For each record below, output its text exactly and skip any picture.

+++

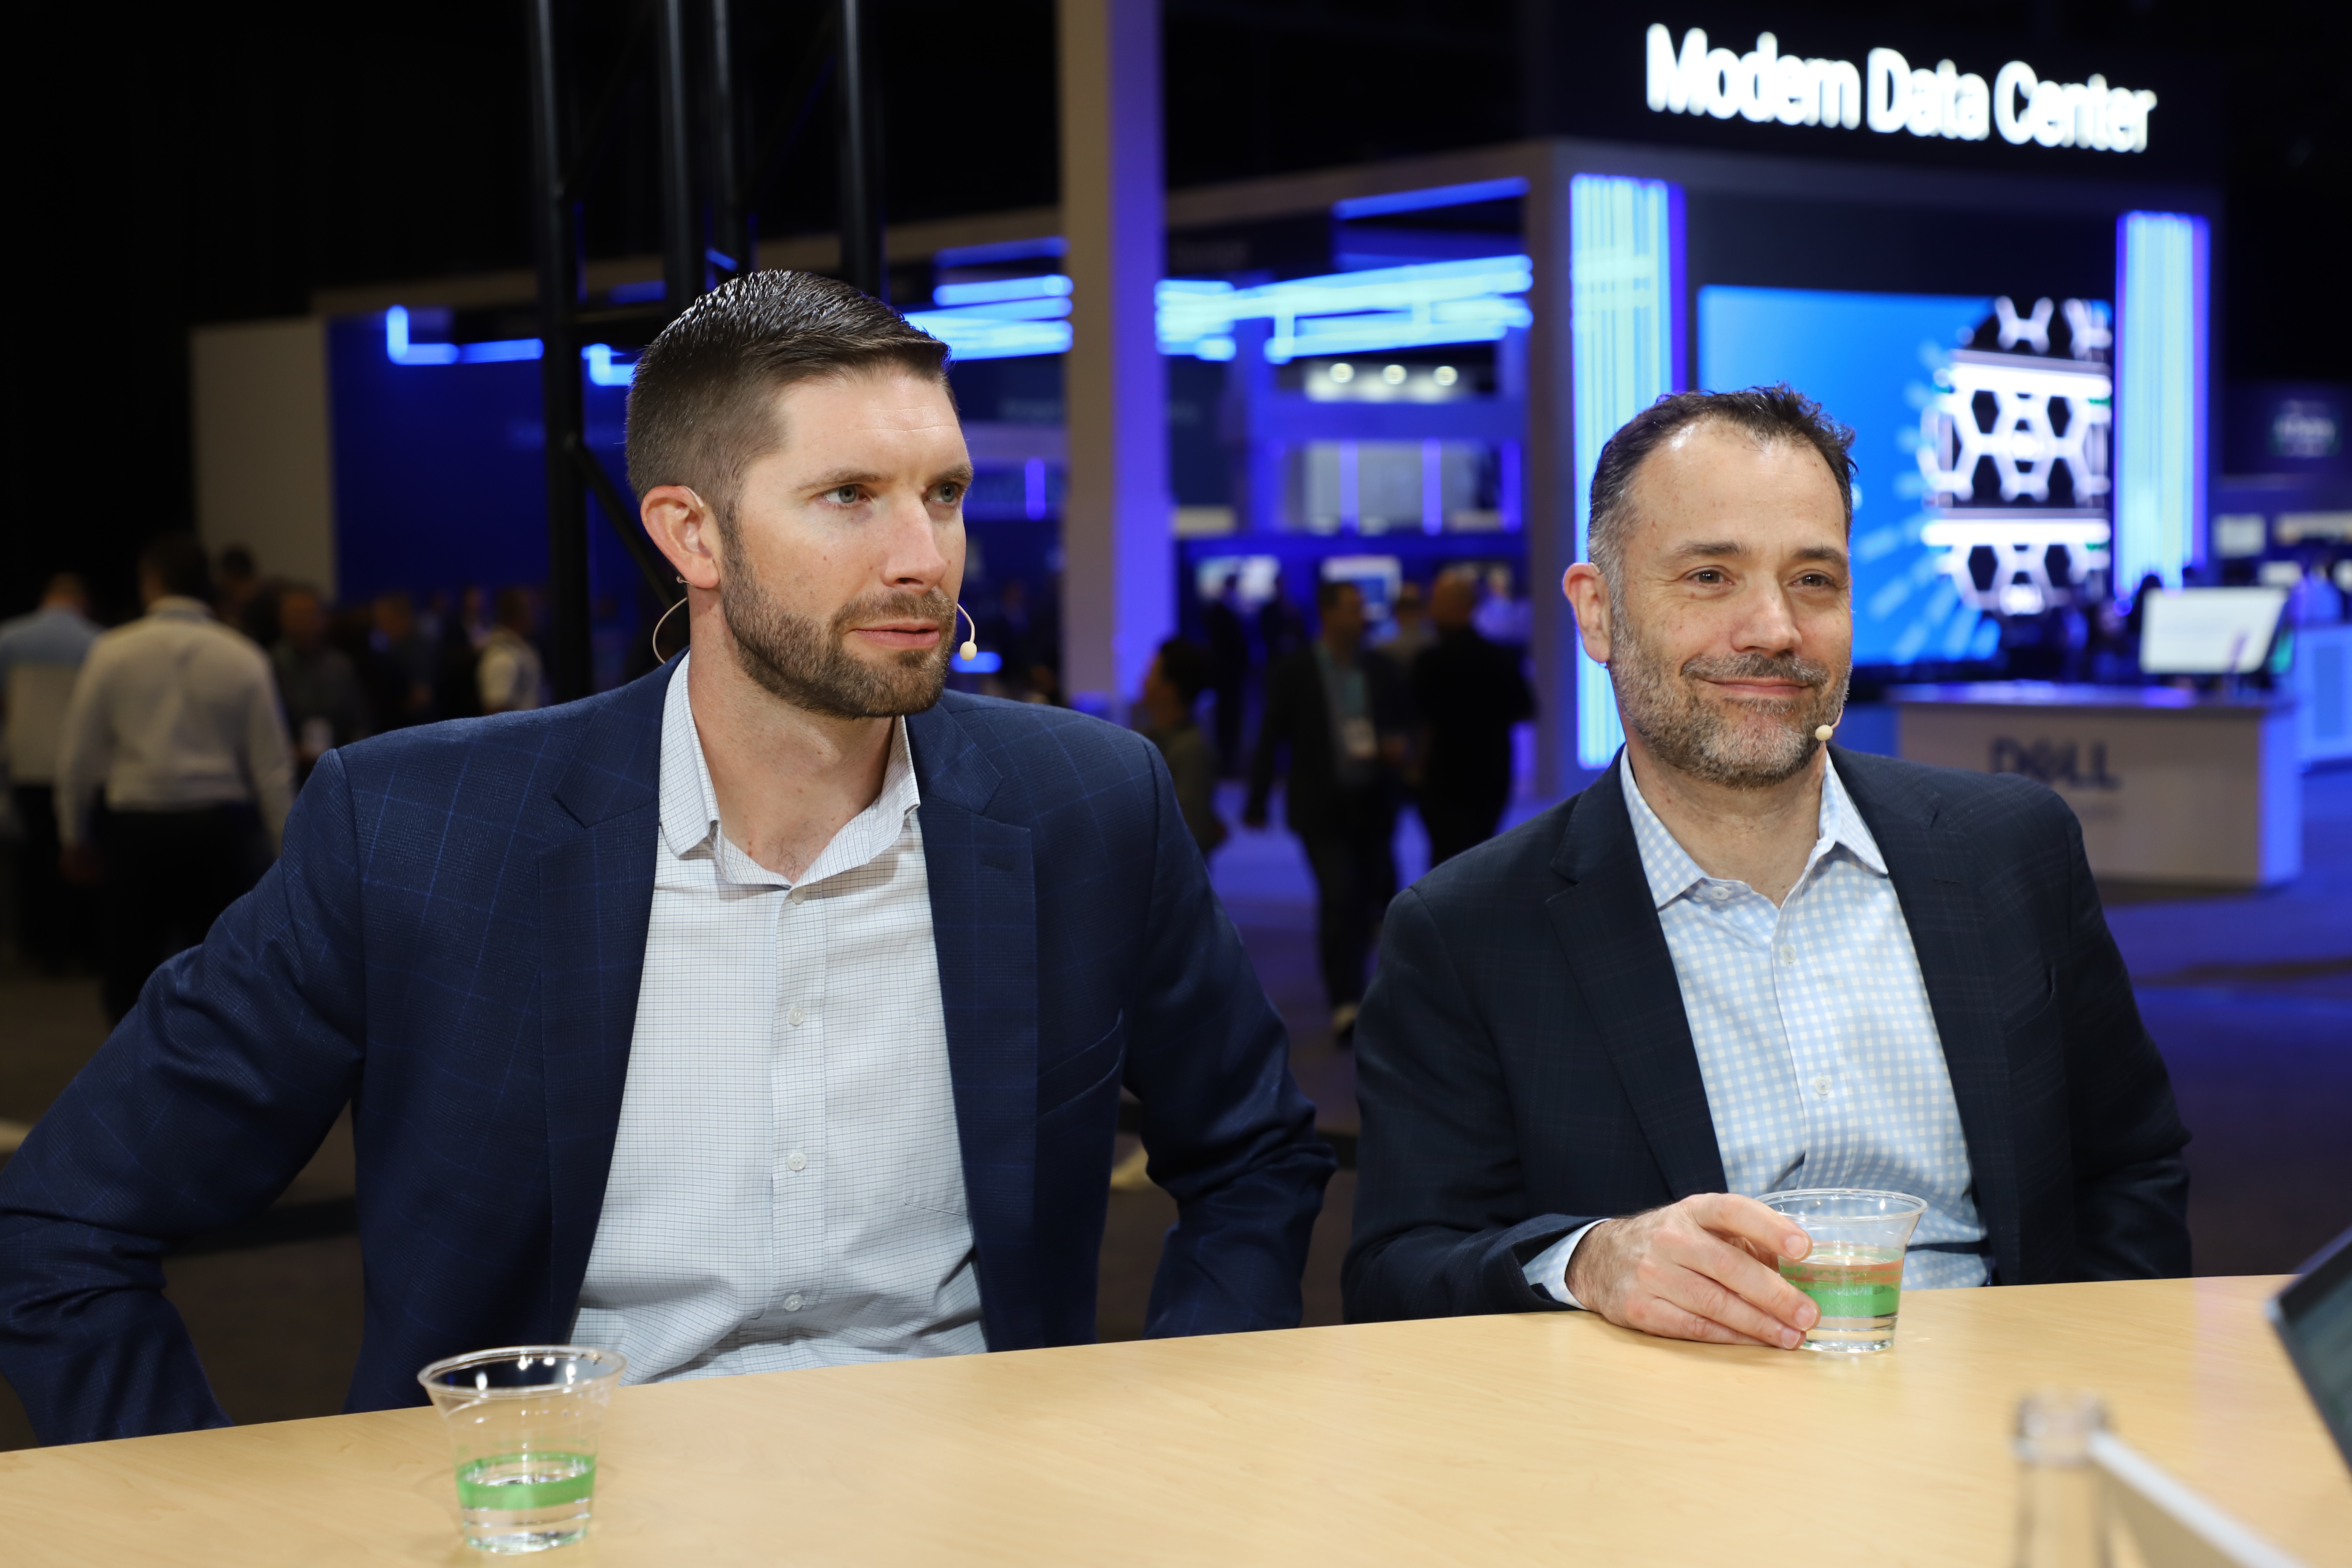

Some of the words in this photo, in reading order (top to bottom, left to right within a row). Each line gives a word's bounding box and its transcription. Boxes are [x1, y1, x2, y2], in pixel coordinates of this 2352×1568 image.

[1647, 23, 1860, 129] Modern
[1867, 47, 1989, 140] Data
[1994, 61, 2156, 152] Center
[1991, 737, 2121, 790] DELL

+++

- **EXPECTED ANSWER**:
Some of the words in this photo, in reading order (top to bottom, left to right within a row). Each line gives a word's bounding box and its transcription. Boxes are [x1, y1, x2, y2], in pixel coordinates of this 2352×1568 image.

[1647, 23, 1860, 129] Modern
[1867, 47, 1989, 140] Data
[1994, 61, 2156, 152] Center
[1991, 737, 2121, 790] DELL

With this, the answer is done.